Re: Range Scan Cost Fluctuations

From: Mark D Powell <Mark.Powell_at_eds.com>
Date: 18 Jun 2004 10:20:48 -0700
Message-ID: <2687bb95.0406180920.67e45804_at_posting.google.com>


dobrien_at_amcad.com (Dan) wrote in message news:<bdc62384.0406161434.23c0f51e_at_posting.google.com>...
> Thanks for the response Mark.
>
> I looked into the problem a little further and found that the
> difference comes down to two parts of the WHERE clause. When these
> two values are NOT sent as bind variables, the cost goes way down. I
> realize that cost is an arbitrary number. I looked at the number of
> consistent gets and there was a large difference (factor of 10x) when
> I was sending these two conditions as bind variables. My problem is,
> since the database has to run with CURSOR_SHARING=SIMILIAR (I'll be
> arm wrestling our developers over their lack of bind variable usage) I
> don't see a way to get around this issue.
>
> I have a couple of books that explicitly say that if you are not using
> bind variables from the application side, the CBO can't be guaranteed
> to produce predictable/consistent executions. Am I up the creek here
> because of this? I am forcing index usage using hints, as well as
> ORDERED to make sure the join is done in the proper order.

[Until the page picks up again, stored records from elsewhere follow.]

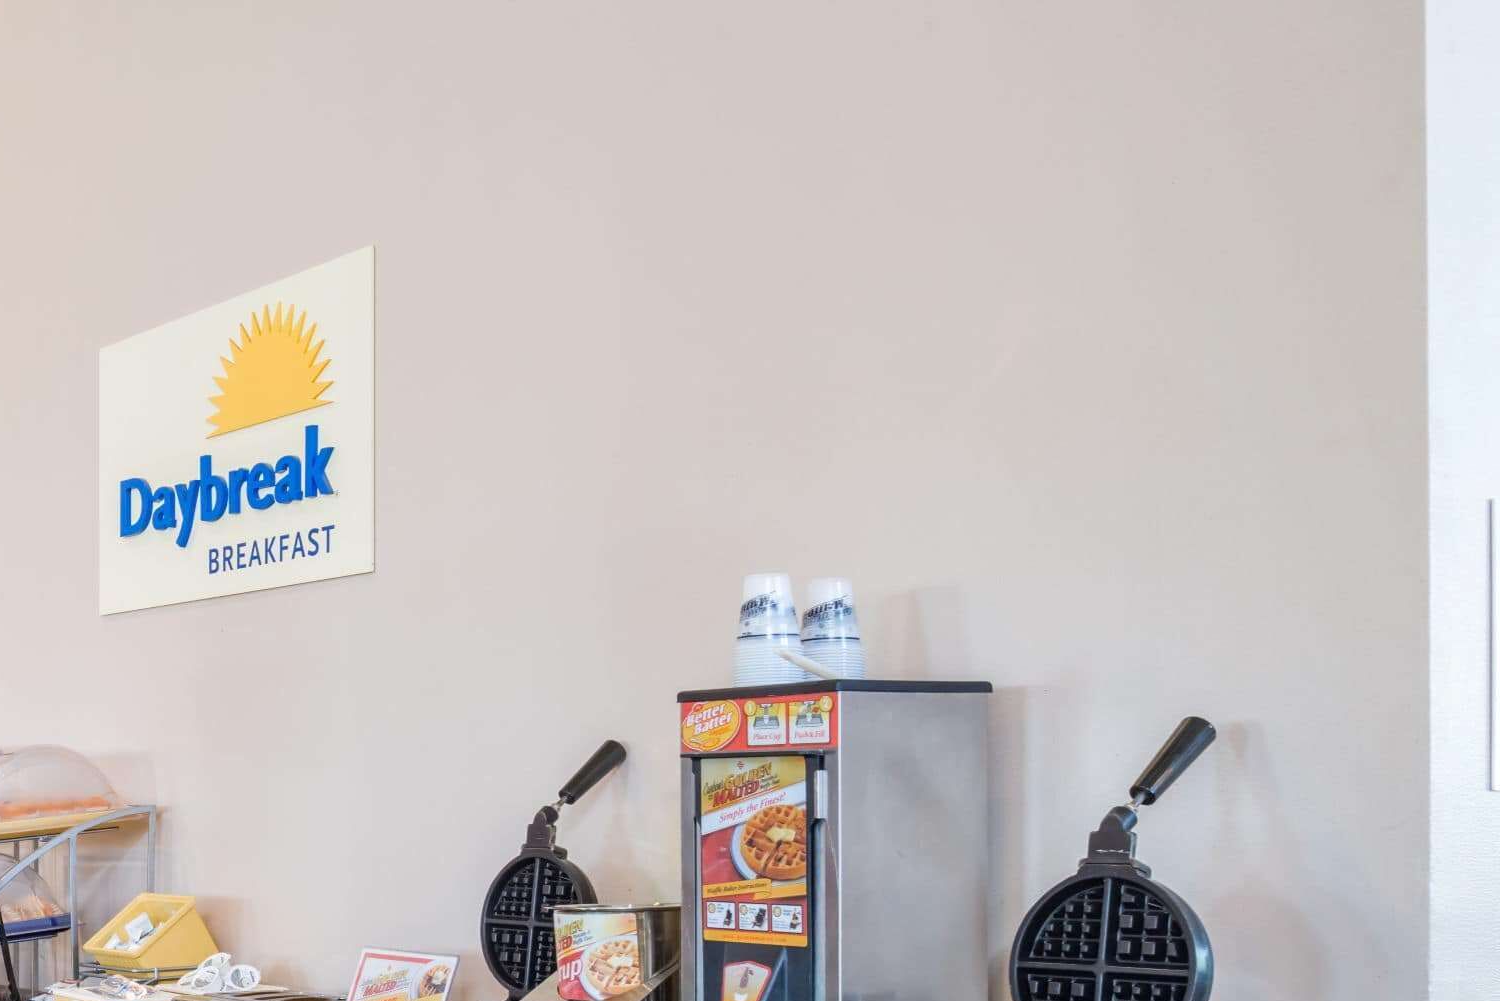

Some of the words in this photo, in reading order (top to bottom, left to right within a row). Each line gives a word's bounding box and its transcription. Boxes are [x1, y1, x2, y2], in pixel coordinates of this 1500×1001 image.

[119, 424, 336, 548] Daybreak
[208, 524, 336, 575] BREAKFAST
[686, 702, 726, 728] Better
[694, 711, 733, 735] Batter
[712, 780, 761, 808] MALTED
[719, 806, 744, 824] Simply
[746, 801, 759, 814] the
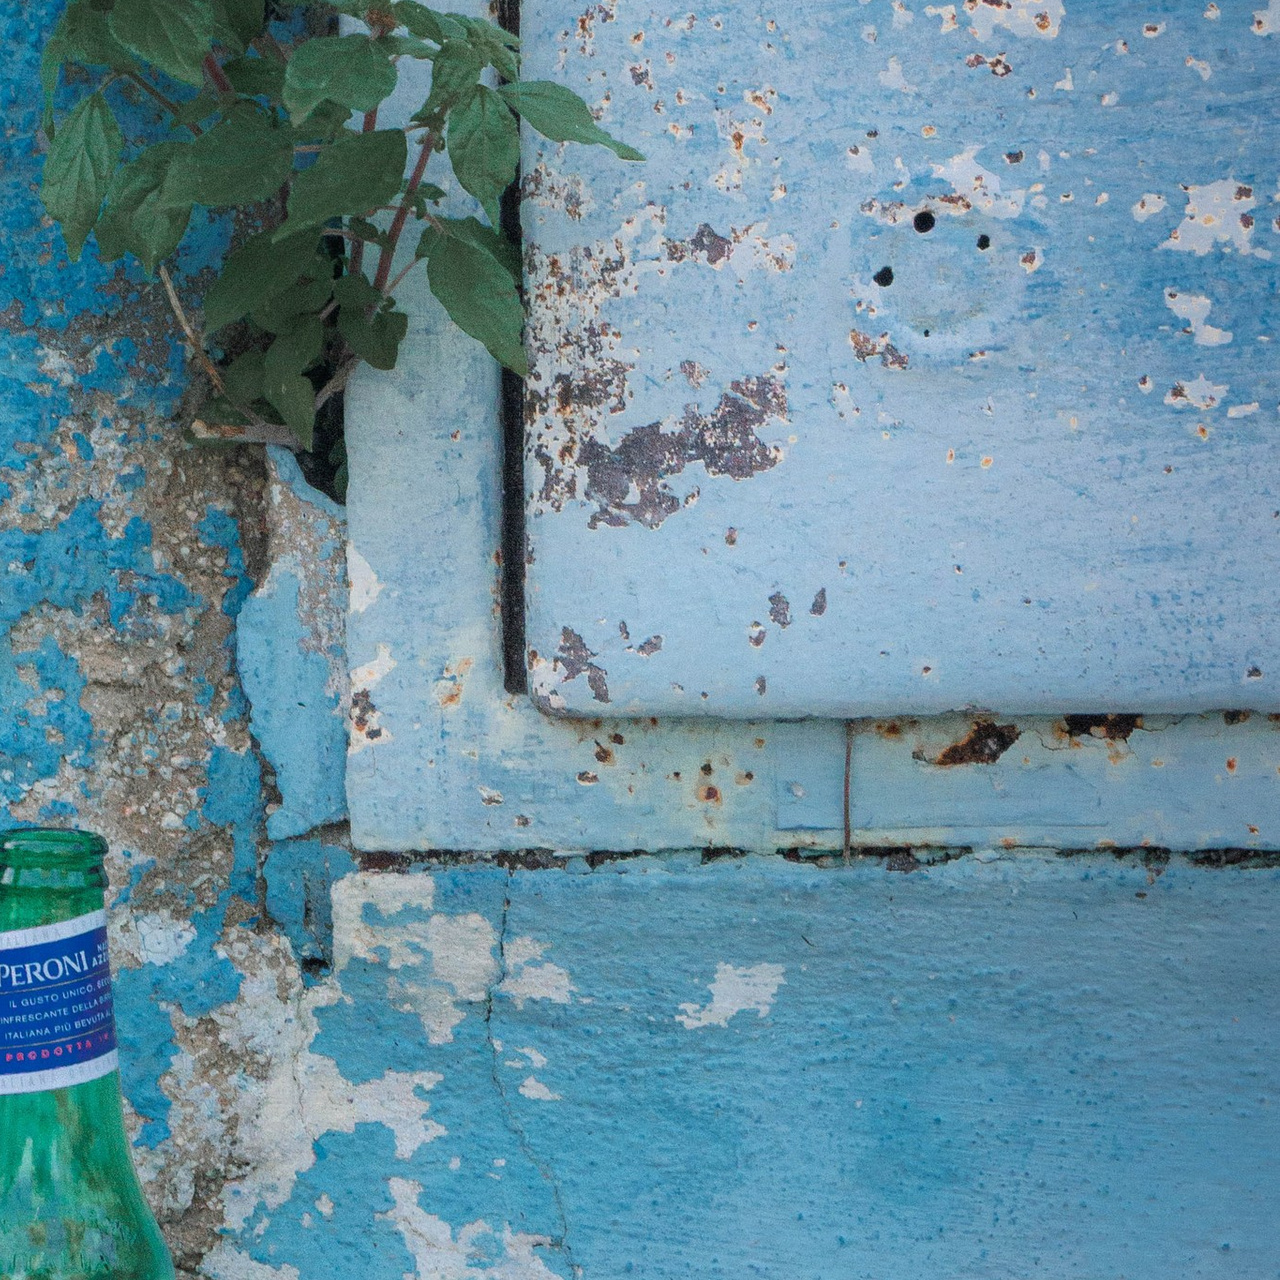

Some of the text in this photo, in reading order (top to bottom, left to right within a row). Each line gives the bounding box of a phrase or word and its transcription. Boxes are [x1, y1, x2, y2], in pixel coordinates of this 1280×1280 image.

[9, 1000, 18, 1009] IL
[21, 993, 59, 1007] GUSTO
[72, 998, 98, 1014] DELLA
[5, 1026, 51, 1040] ITALIANA
[54, 1021, 71, 1033] PIÙ
[74, 1011, 105, 1029] BEVUTA

Is there
> any way that you know of that I could selectively turn the
> CURSOR_SHARING off for part of the query? Some sort of escape
> characters of some sort that tell Oracle that I don't want it to bind
> these particular variables, but bind the rest of the query?
>
> I know that this is all patchwork, but I have an angry customer and
> there is no way the entire application can be changed for the
> deadline. Any ideas?
>
> Thanks for the help,
> -Dan
>
>
> Mark.Powell_at_eds.com (Mark D Powell) wrote in message news:<2687bb95.0406140713.48d88178_at_posting.google.com>...
> > dobrien_at_amcad.com (Dan) wrote in message news:<bdc62384.0406121559.2126beb1_at_posting.google.com>...
> > > I am a relatively new user on Oracle 9.2.0.1 and I am having trouble
> > > performance tuning this production database.
> > >
> > > I am running a large query that joins two tables, document(3 mil) and
> > > entity(9 mil). I have reorganized my tablespaces so that the two
> > > tables are on different tablespaces, different disks. They both have
> > > their indexes stored on a third tablespace. Before reconfiguring the
> > > production database, I was getting a range scan on index ix_document_8
> > > that had a cost of 25. Now that I have reconfigured the prod
> > > database, the cost of the range scan has gone through the roof, 5933.
> > >
> > > I have tried moving this one particular index to different tablespaces
> > > on all three disks available to me to no avail. I run "analyze index
> > > compute statistics;" on the index after every time I recreate it. It
> > > appears that no matter where I create this index it still has trouble
> > > accessing it. I have computed the statistics for the table before
> > > computing the index statistics. It appears to me that there is an I/O
> > > problem here. Why did it cost so little before and now it costs so
> > > much to access it?
> > >
> > > Should the index be on the same disk/different tablespace?
> > > Different disk/different tablespace?
> > >
> > > I have run out of my testing capabilities here to try and troubleshoot
> > > why the cost is so high. Could this be a problem with my CBO?
> > >
> > > Any help is greatly appreciated,
> > > -Dan
> >
> > Dan, if the explan plan show the same access path for the query after
> > you moved the indexes and reanalyzed the table/indexes then the odds
> > are that the statistics were out of data prior to your re-calculating
> > them. In other words you are looking at the true cost. Is there a
> > difference in run time, or just in the cost shown by the explain
> > plans?
> >
> > Also, are or did you use constants in one plan and bind variables in
> > another? There can be major differences in the plan chosen and cost
> > based on the difference in the CBO generates because of the difference
> > in information the two options provide the optimizer.
> >
> > HTH -- Mark D Powell --

When you submit SQL to the rdbms or run an explain the plans produced for the same SQL except for where a constant is used in one and a bind variable is used in the other may be very different. Since the CBO does not know the value of the variable it works with certain assumptions. When a constant is provided it knows more and does things differently. Also constants enable the use of histograms if they exist on the referenced column while bind variables do not.

If the data is skewed (example only 6 distinct values and 1 value accounts for 80% of the data) then the CBO plan will probably ignore an index on this column. The developer will then run a test using one of the 5 rare values either using a constant, the RULE hint, or an index hint and complain about the CBO. However, if you run the SQL with the index hint and use the 80% of the rows data value the query performance is likely to be very, very bad. In this case the CBO produces a consistent plan but it is non-optimal for the minority of rows.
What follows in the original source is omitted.